C'est également le cas à Vovchansk. Ici, les forces du 2e GMRD (selon des sources russes, le 47e GTD), qui avaient été déployées entre-temps, n'ont pas pu progresser vers le succès, les Ukrainiens tiennent tous les terrains à l'intérieur et autour de Vovchansk qui leur permet de maintenir fermement leurs positions.
Le bilan des opérations
L'avancée russe des premiers jours a en effet été l'opération offensive la plus rapide de l'année et demie précédente. Mais la raison n'en est pas que les sous-unités russes déployées ici sont beaucoup mieux entraînées que, par exemple, celles qui combattent autour d'Avdiivka. Cette déclaration de moi est corroborée par un certain nombre d'images de soldats russes en « formation dynamique de nappe de pétrole » à l'air libre.
À la fin du premier jour, les Russes avaient réalisé une pénétration de 4 km de profondeur et de 8 à 9 km de large. Pendant ce temps, les unités ukrainiennes qui se battent ici maintiennent une présence constante, tout en se retirant sous la pression russe. Selon les rapports ukrainiens, il n'y a pas eu de frappes de l'artillerie russe pendant les attaques de l'infanterie russe, les sous-unités ukrainiennes effectuant la manœuvre n'ont pas reçu de frappes de l'artillerie, mais ont été harcelées par des drones FPV russes. Tout cela signifie pour moi que les Russes ont été en mesure de maintenir leur image de la situation au niveau bataillon-brigade, mais que leur artillerie n'est pas encore en mesure de réagir aux changements aussi rapidement.
L'avancée rapide des Russes s'explique tout d'abord par la supériorité irrésistible de leur artillerie et de leur aviation dans les premiers jours (l'artillerie a été réduite depuis, l'aviation est restée). La deuxième raison en est la conséquence : les Ukrainiens ont compris qu'il n'y avait pas de zone importante le long de la frontière qui vaille la peine d'exposer l'infanterie aux frappes russes. Ainsi, les commandants et les états-majors ukrainiens qui planifiaient la défense de la région ont décidé - à mon avis - à juste titre de construire un système de défense classique qui, bien que perdant une zone considérable par rapport au système habituel, leur permettrait d'arrêter l'attaque russe en s'appuyant sur le terrain favorable (zone urbanisée, rivières, collines).
D'après ce que nous avons vu jusqu'à présent, ils ont réussi. Le rythme de l'avancée russe du 10 au 13 mai était en effet à un niveau jamais atteint auparavant, mais les Ukrainiens ont pu empêcher l'offensive russe d'atteindre son but en préservant leurs forces disponibles et en ne perdant pas plus de territoire qu'il n'était nécessaire.

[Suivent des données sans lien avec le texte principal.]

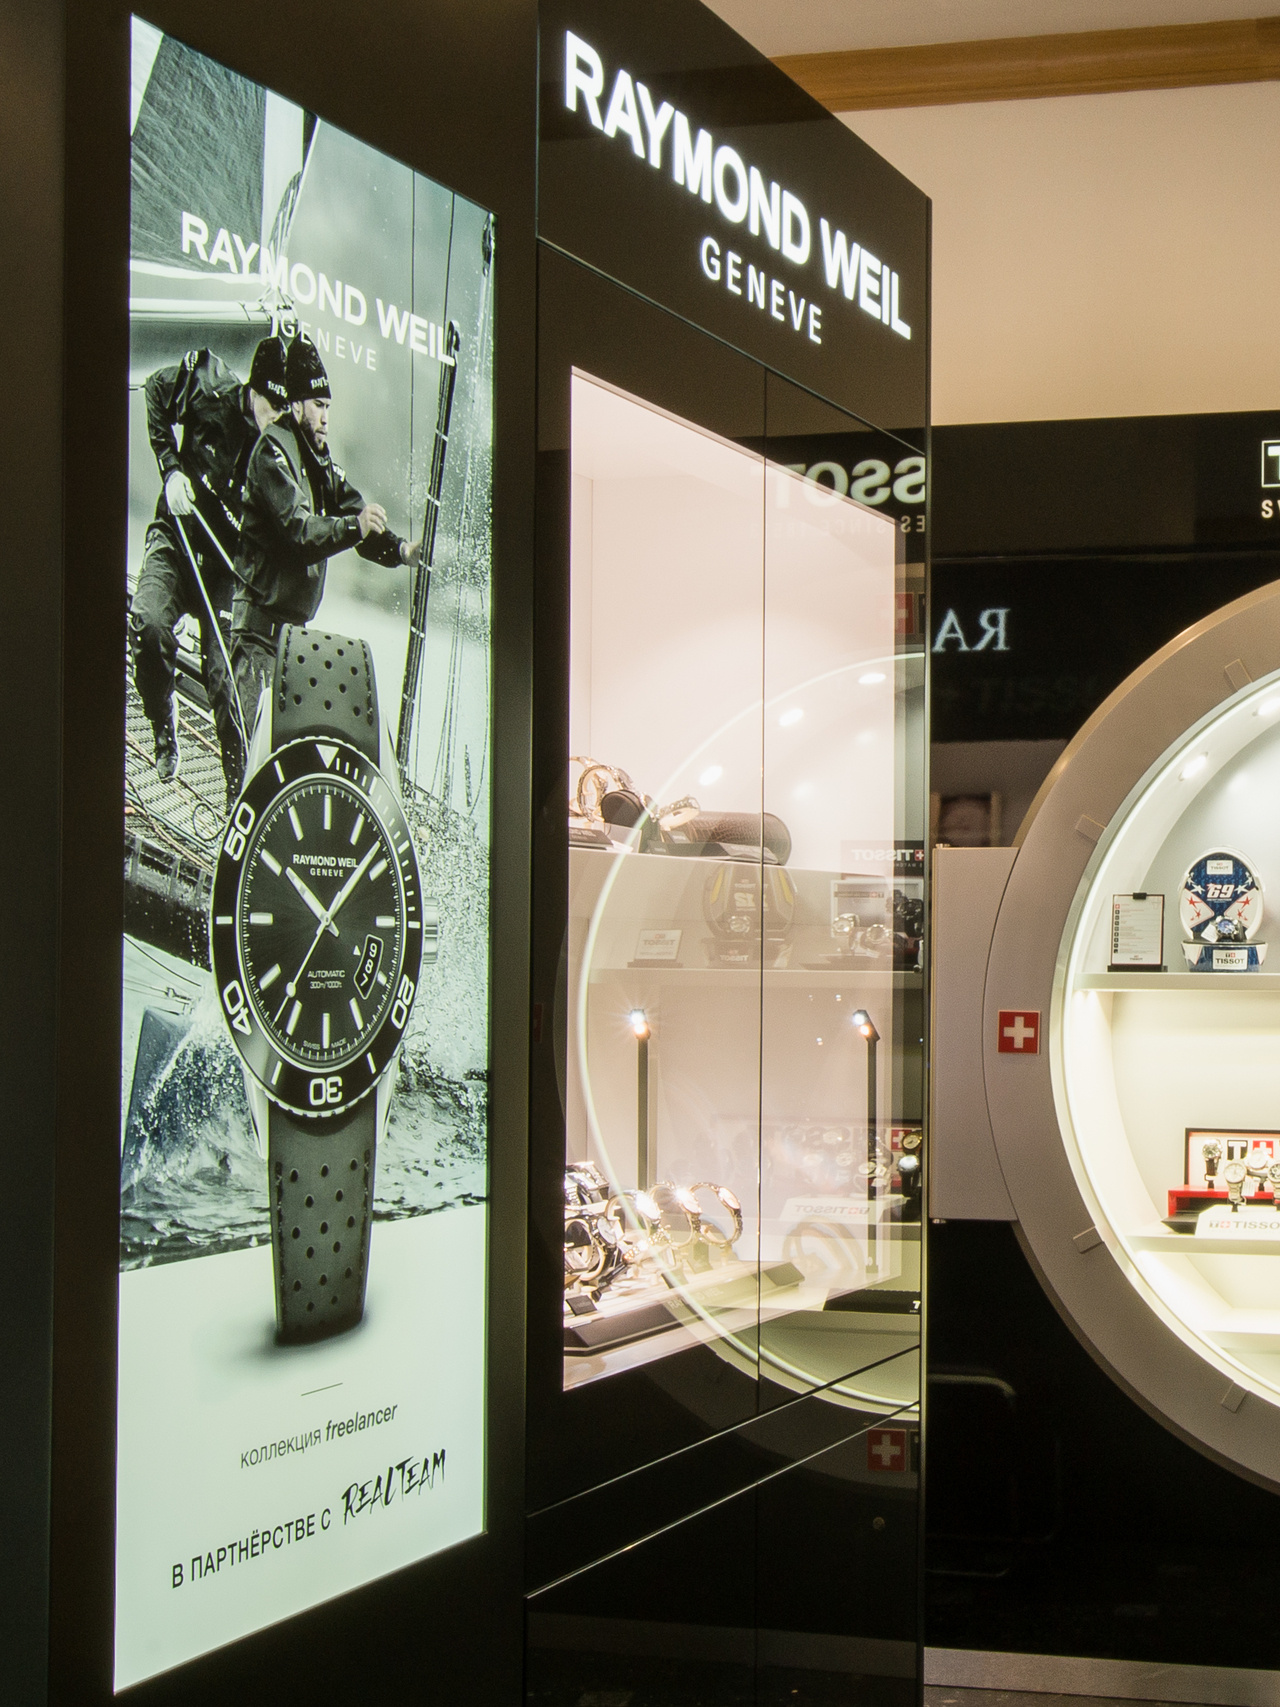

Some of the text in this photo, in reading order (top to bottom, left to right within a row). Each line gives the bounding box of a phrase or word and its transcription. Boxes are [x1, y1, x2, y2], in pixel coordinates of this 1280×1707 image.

Cependant, l'offensive russe a atteint un objectif : les réserves devaient être transférées aux Ukrainiens du Donbass. Cependant, leur absence n'est pas apparente (pour l'instant), et les Russes ne menacent pas les arrières des forces ukrainiennes autour de Kupyansk, ni de Kharkiv.
Que nous réserve l'avenir proche ?
C'est maintenant aux Russes de décider du rôle de ce front, car ils n'ont manifestement pas atteint leurs objectifs initiaux (bien qu'ils aient déjà déployé une division complète de forces). Ils peuvent décider de déployer toutes les forces de la Task Force Nord, ce qui leur permettra probablement de prendre pied à Liptsi et à Vovchansk, mais ils ne pourront pas les prendre.

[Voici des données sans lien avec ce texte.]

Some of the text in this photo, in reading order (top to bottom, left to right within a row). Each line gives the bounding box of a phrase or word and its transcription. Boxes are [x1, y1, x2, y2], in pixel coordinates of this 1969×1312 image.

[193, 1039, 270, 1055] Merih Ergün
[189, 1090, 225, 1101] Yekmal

Ils pourraient également déployer leurs forces non déployées ailleurs, conformément à leur stratégie de déplacement du centre de gravité décrite avant. Je ne serais pas surpris que des forces significatives soient déployées pour unir les deux axes d'attaque actuels, par exemple autour de Ternove - Vesele. Il s'agirait d'un défi de taille pour les Ukrainiens, mais avec les forces russes actuellement disponibles, ils ne pourraient obtenir qu'un succès tactique.
À mon avis, quel que soit l'endroit où les Russes déploient leurs forces additionnelles, cette direction à Kharkiv s'inscrit également dans le cadre de la guerre d’attrition à laquelle nous assistons dans le Donbas.